Would An Emissions Deal Break the Keystone XL Deadlock?

  • A Canadian proposal to facilitate US approval of the Keystone XL pipeline by committing to greenhouse gas reductions gets to the essence of principled objections to the project.
  • The offer provides a chance for defined, quantifiable emissions reductions, instead of the highly uncertain emissions consequences of rejecting the permit for this pipeline. 
A couple of weeks ago Bloomberg and others reported that the Canadian Prime Minister had sent a letter to President Obama, proposing to work with the US to reduce greenhouse gas emissions from the oil and gas sector as a way to facilitate US approval of the Keystone XL pipeline (KXL.) It seemed an obvious way to break the current deadlock . If opposition to the pipeline is based mainly on the greenhouse gas emissions profile of Canadian oil sands crude--accurately or not--then environmentalists should have welcomed this overture. Instead, environmental groups have urged the President to reject both the offer and the pipeline.

You would never know it from protest slogans conflating all types of air pollution as if they were identical, but the characteristics and effects of greenhouse gases (GHGs) like CO2 are very different from the smog-forming emissions from automobile tailpipes or the sulfate pollution from coal power plants.
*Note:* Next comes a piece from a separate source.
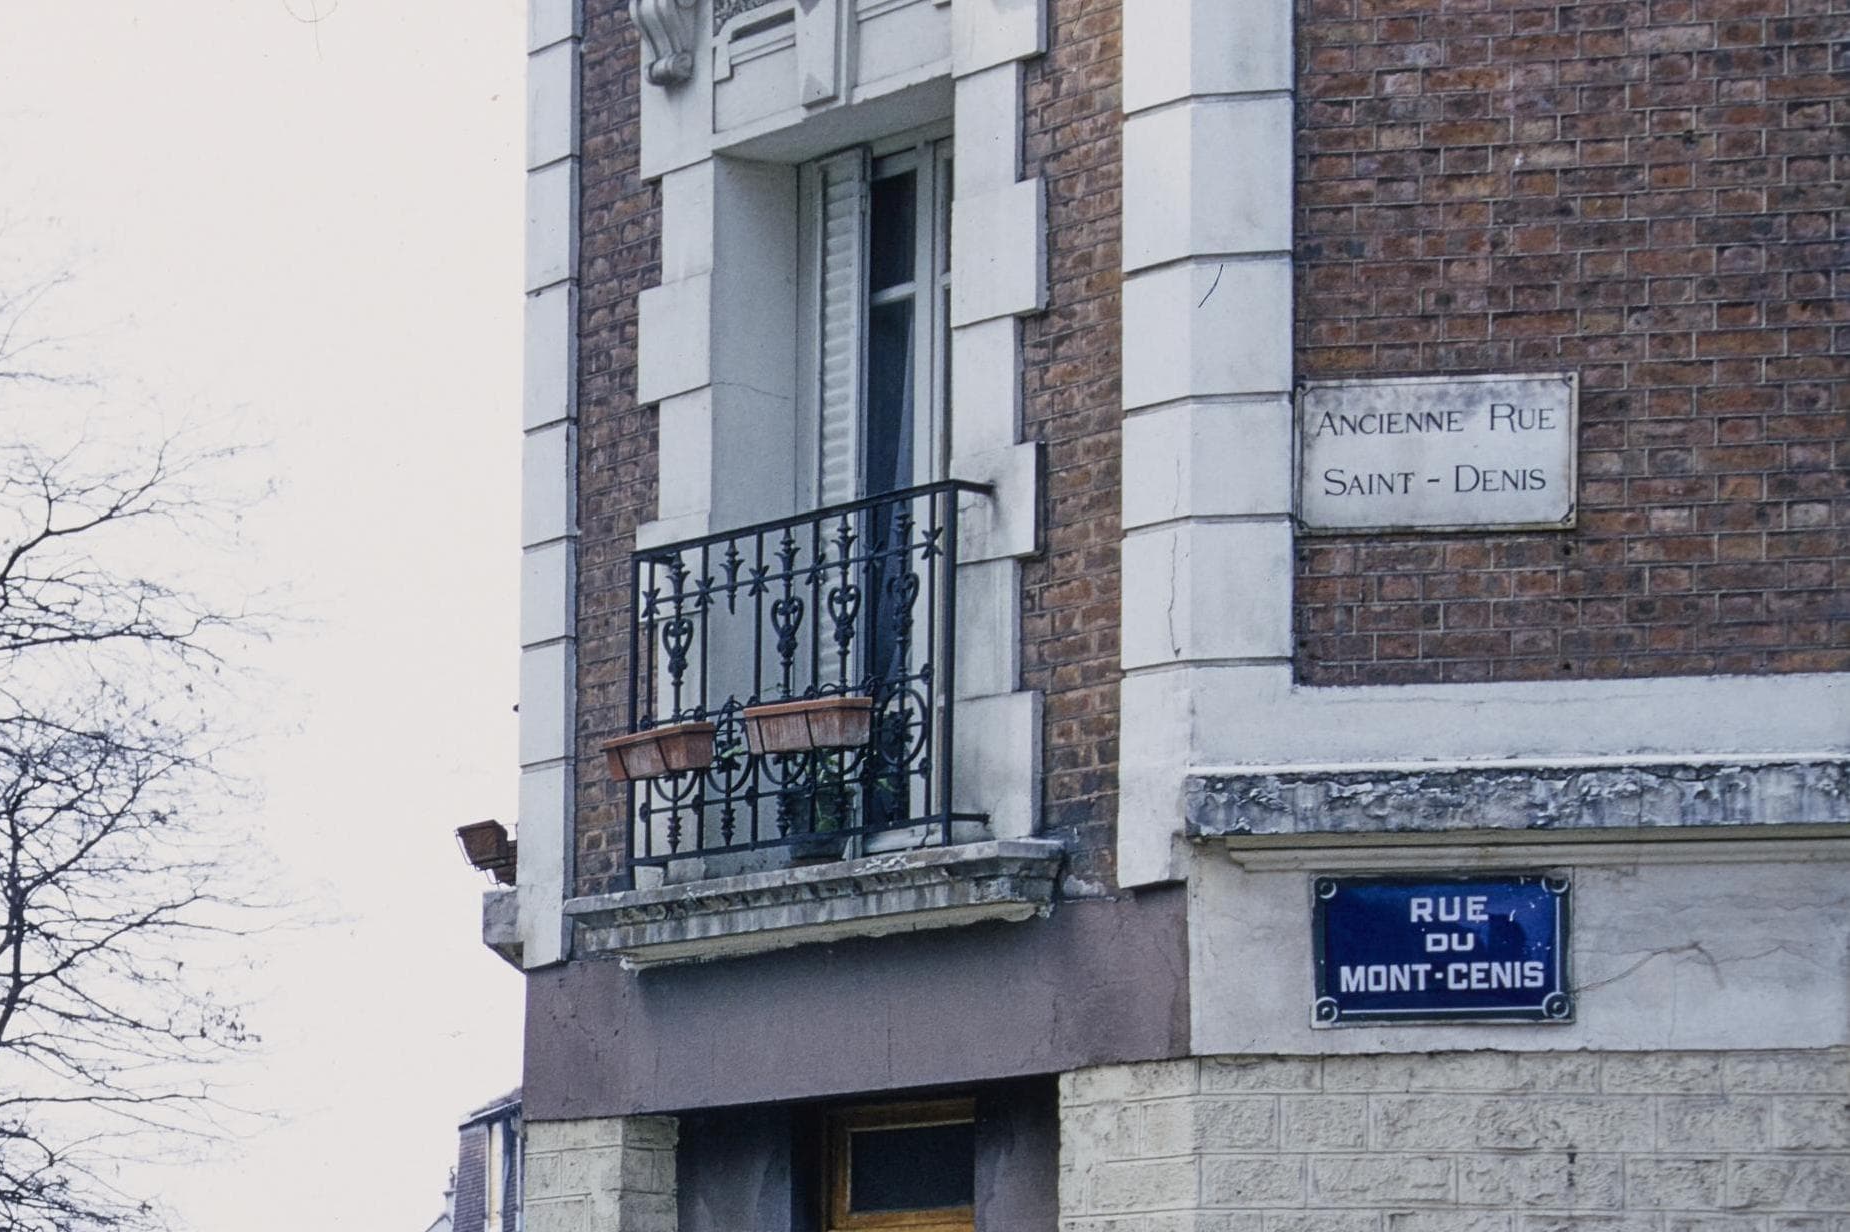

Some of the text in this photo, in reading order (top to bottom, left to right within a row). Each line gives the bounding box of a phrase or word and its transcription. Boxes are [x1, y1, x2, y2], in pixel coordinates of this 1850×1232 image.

For that matter, air containing 400 ppm of CO2 (0.04%) is no more harmful to breathe than pre-industrial air with 280 ppm of CO2. More importantly, the climate consequences of each ton of CO2 emitted to the atmosphere are effectively the same as for every other ton, regardless of where they are emitted or from what source. While scientists can distinguish CO2 from fossil fuel combustion from the CO2 you just exhaled, based on differences in the ratio of carbon isotopes they carry, their effect on global warming is essentially identical.

That sounds trivial, yet it has great value for expanding our options for managing the accumulation of these gases in earth’s atmosphere. Not only don’t we have to treat GHGs the way we do local air pollutants, but it can be more effective not to. In practical terms, that means that unlike the well-established approaches for mitigating smog, it isn’t necessary to tackle all GHG emissions at the source, particularly when it’s expensive or impractical to do so. Saving a ton of CO2 by preventing deforestation or improving vehicle fuel economy is exactly equivalent in its effect on the climate to reducing a ton of CO2 emitted from producing oil, which accounts for less than 20% of the emissions from the oil value chain.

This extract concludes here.